**What is expected**: Every entry below should be copied exactly, minus the pictures.

**Material supplied**:
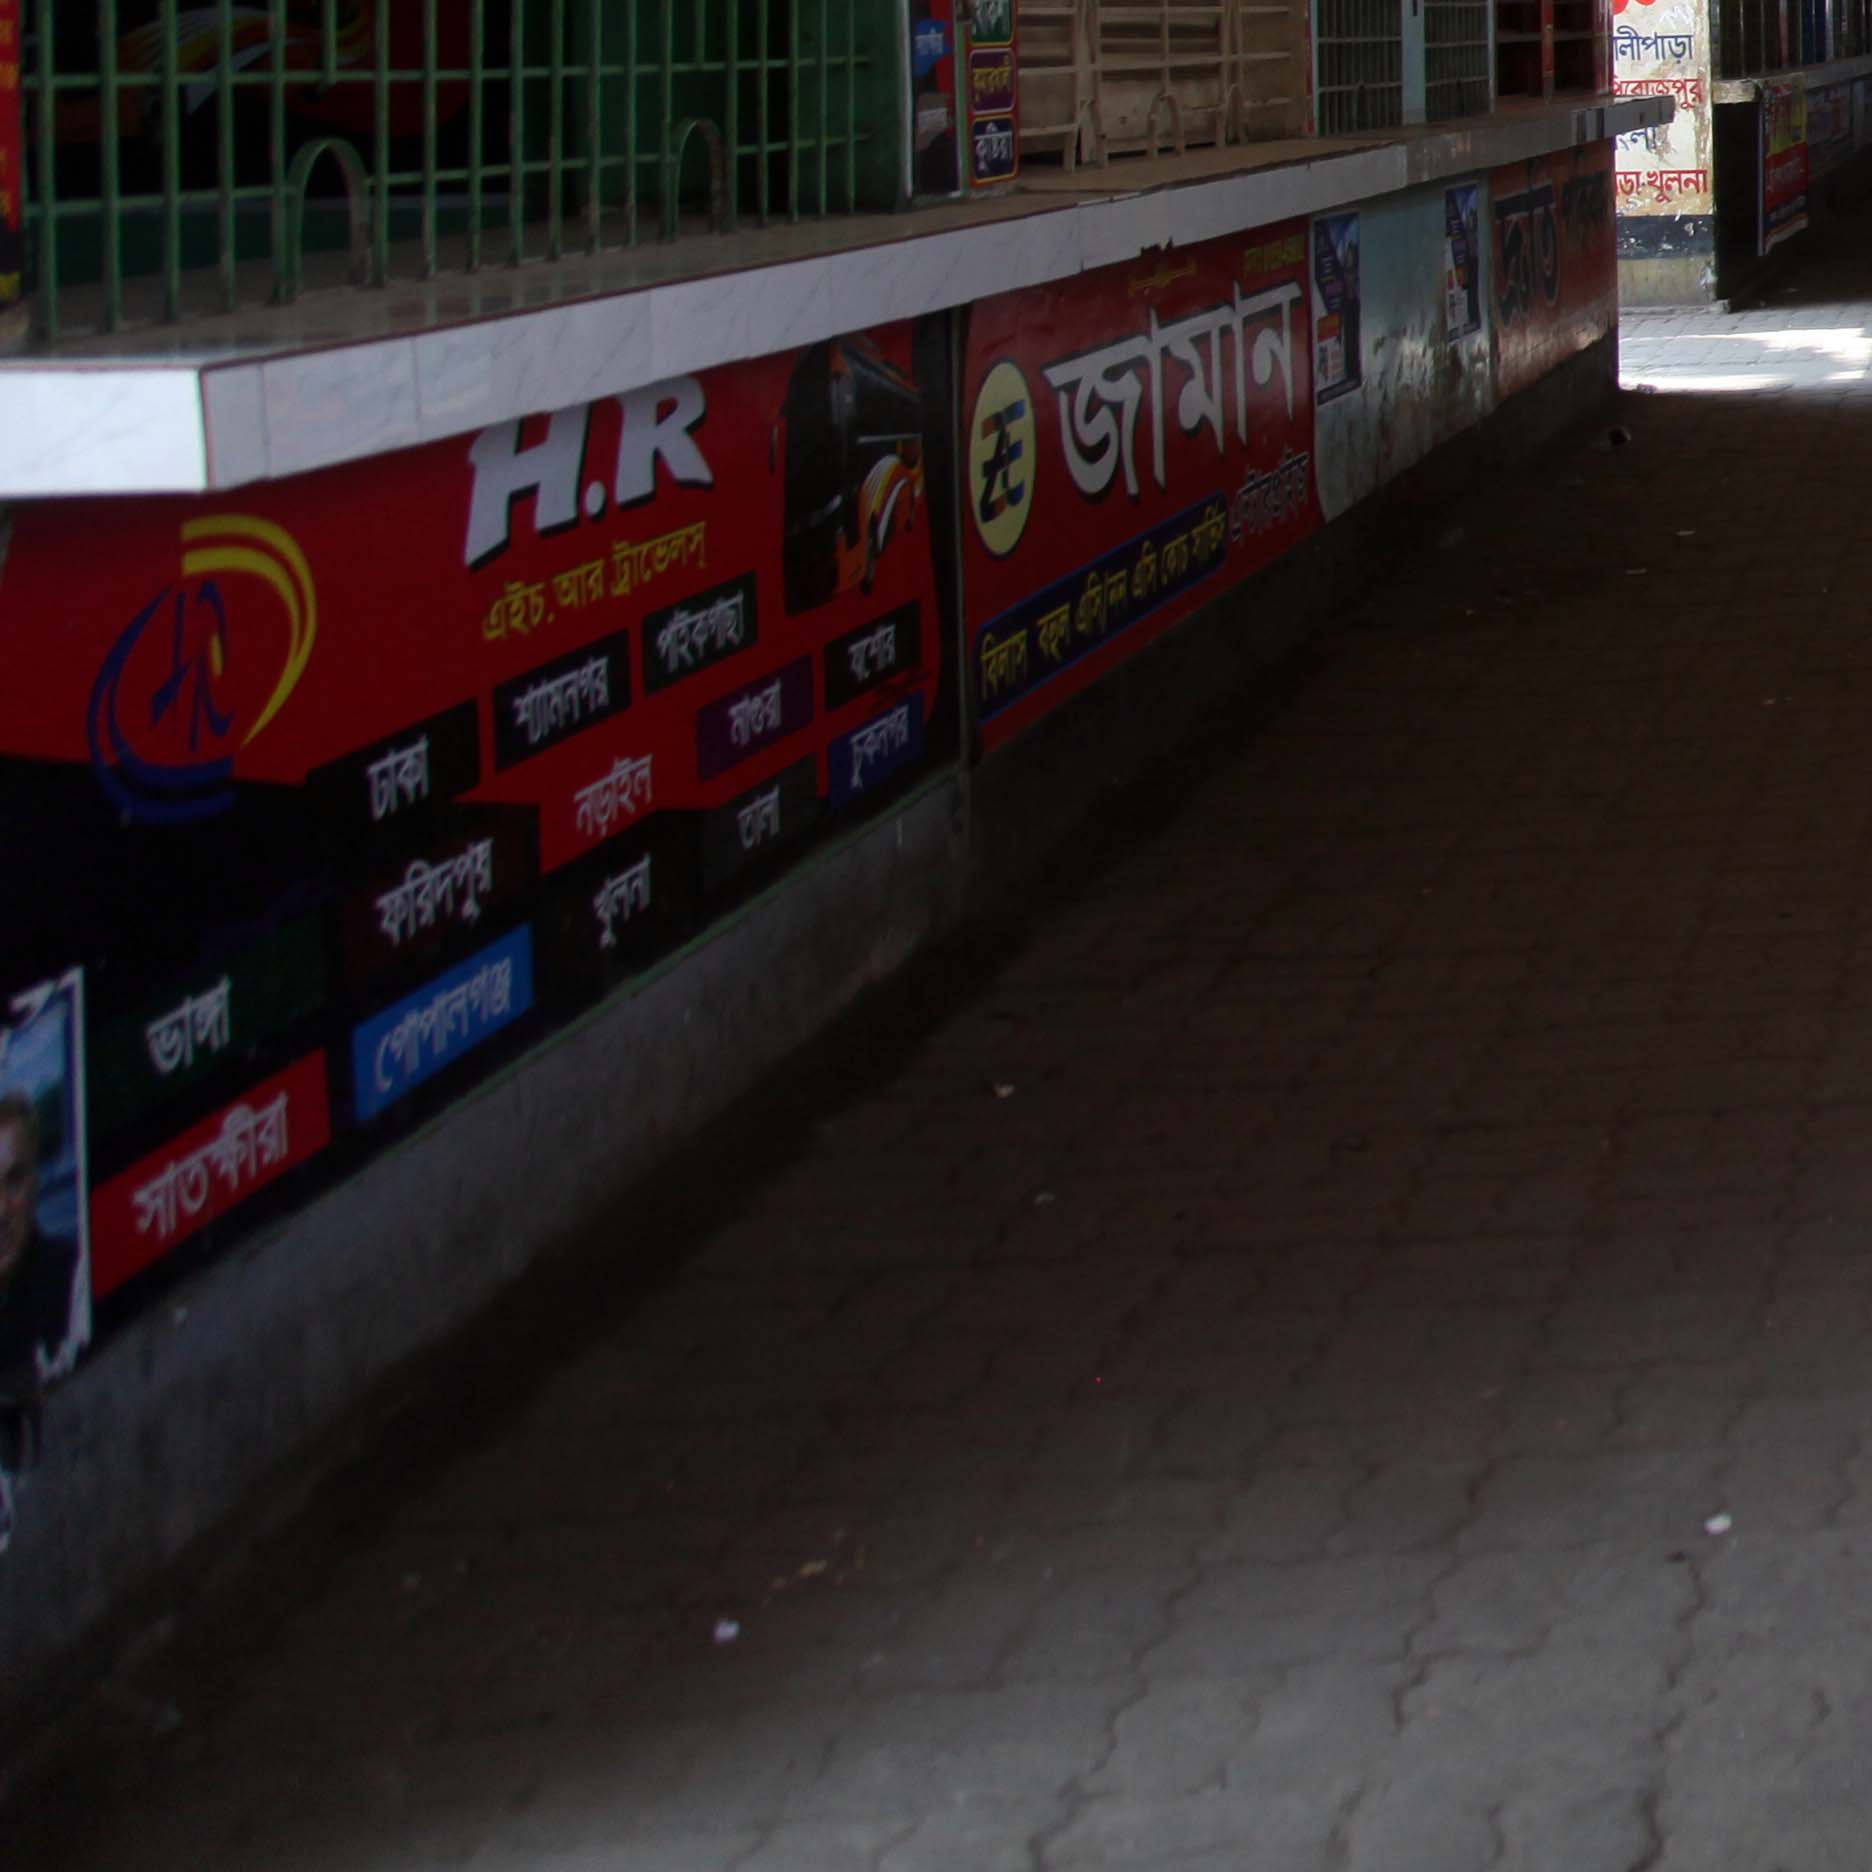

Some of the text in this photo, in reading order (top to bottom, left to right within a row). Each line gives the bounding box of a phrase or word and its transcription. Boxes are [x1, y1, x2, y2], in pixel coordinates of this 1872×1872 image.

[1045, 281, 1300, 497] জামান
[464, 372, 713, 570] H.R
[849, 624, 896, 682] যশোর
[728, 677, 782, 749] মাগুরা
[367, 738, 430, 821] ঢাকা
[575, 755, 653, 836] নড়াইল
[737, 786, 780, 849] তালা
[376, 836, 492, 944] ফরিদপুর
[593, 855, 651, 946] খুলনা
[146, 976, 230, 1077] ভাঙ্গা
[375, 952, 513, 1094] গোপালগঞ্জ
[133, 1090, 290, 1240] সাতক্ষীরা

**Written answer**:
Some of the text in this photo, in reading order (top to bottom, left to right within a row). Each line gives the bounding box of a phrase or word and its transcription. Boxes are [x1, y1, x2, y2], in pixel coordinates of this 1872×1872 image.

[1045, 281, 1300, 497] জামান
[464, 372, 713, 570] H.R
[849, 624, 896, 682] যশোর
[728, 677, 782, 749] মাগুরা
[367, 738, 430, 821] ঢাকা
[575, 755, 653, 836] নড়াইল
[737, 786, 780, 849] তালা
[376, 836, 492, 944] ফরিদপুর
[593, 855, 651, 946] খুলনা
[146, 976, 230, 1077] ভাঙ্গা
[375, 952, 513, 1094] গোপালগঞ্জ
[133, 1090, 290, 1240] সাতক্ষীরা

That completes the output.